Num discurso proferido na conferência "A Justiça antes e depois do 25 de Abril", integrada nas comemorações dos 50 anos da Revolução e realizada na Fundação Calouste Gulbenkian, em Lisboa, Henrique Araújo lamentou a "espessa camada de indiferença" que os seus alertas enfrentaram nos últimos anos e que são validados pelas atuais falhas do sistema judicial.

"As intermitências da atuação política num domínio tão fundamental para a vida dos cidadãos e para a democracia conduziram-nos a um presente em que já não é possível disfarçar as vulnerabilidades do sistema", afirmou o juiz conselheiro e presidente do STJ, que insistiu: "Por isso, repito: É urgente colocar a Justiça como prioridade da atuação política".

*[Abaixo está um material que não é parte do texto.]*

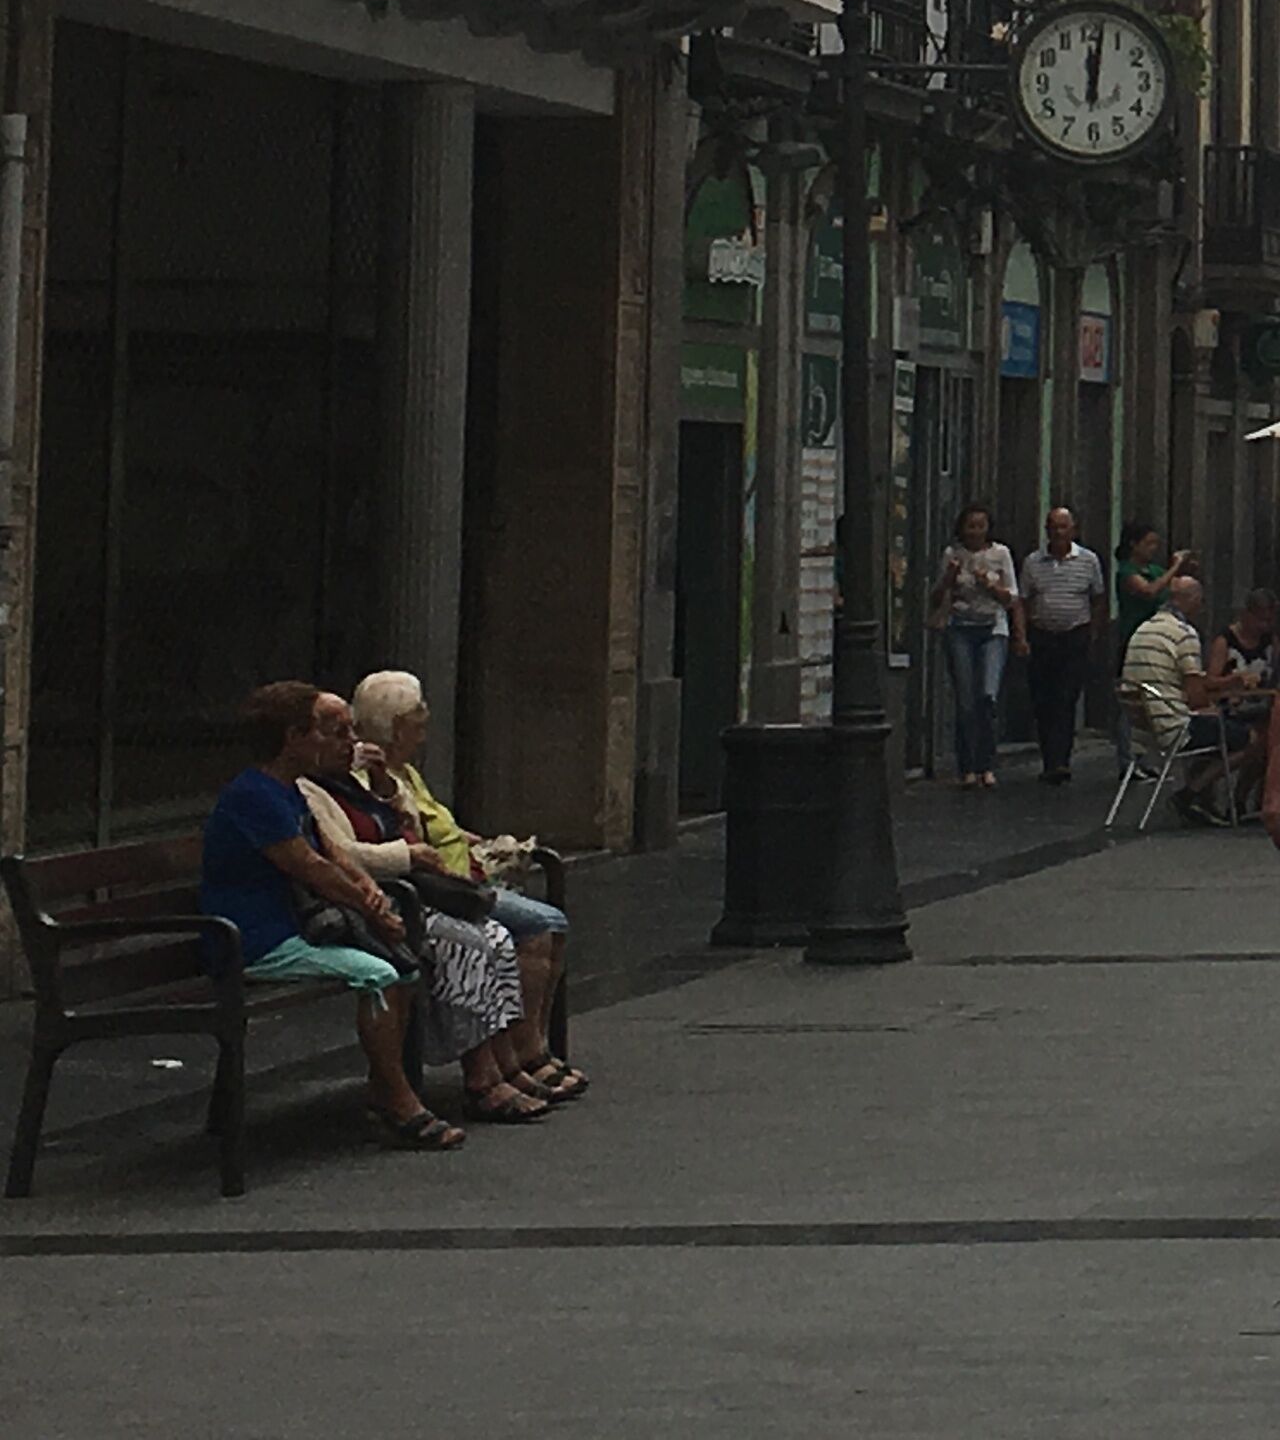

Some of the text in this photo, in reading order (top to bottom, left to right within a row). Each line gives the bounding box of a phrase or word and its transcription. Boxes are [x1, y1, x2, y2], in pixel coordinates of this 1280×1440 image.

[1059, 30, 1071, 51] 11
[1114, 31, 1121, 51] 1
[1040, 48, 1057, 68] 10
[1129, 47, 1144, 68] 2
[1036, 72, 1049, 95] 9
[1137, 71, 1151, 93] 3
[1042, 97, 1056, 119] 8
[1128, 97, 1143, 117] 4
[1062, 115, 1076, 139] 7
[1087, 121, 1100, 143] 6
[1112, 115, 1124, 136] 5

Sublinhando o cariz inédito da reunião dos presidentes dos quatro tribunais do topo do ordenamento judiciário - STJ, Supremo Tribunal Administrativo (Dulce Neto), Tribunal Constitucional (João José Abrantes) e Tribunal de Contas (José Tavares) - Henrique Araújo descreveu-a como uma "clara demonstração de união e de convergência quanto à necessidade de reafirmar o papel da instituição Justiça na realização do Estado de Direito democrático".

O magistrado, que também preside por inerência ao Conselho Superior da Magistratura (CSM), lembrou o "modelo autoritário, conservador e excessivamente burocrático" do sistema judicial antes do 25 de Abril e assinalou "avanços importantes" já nos anos seguintes.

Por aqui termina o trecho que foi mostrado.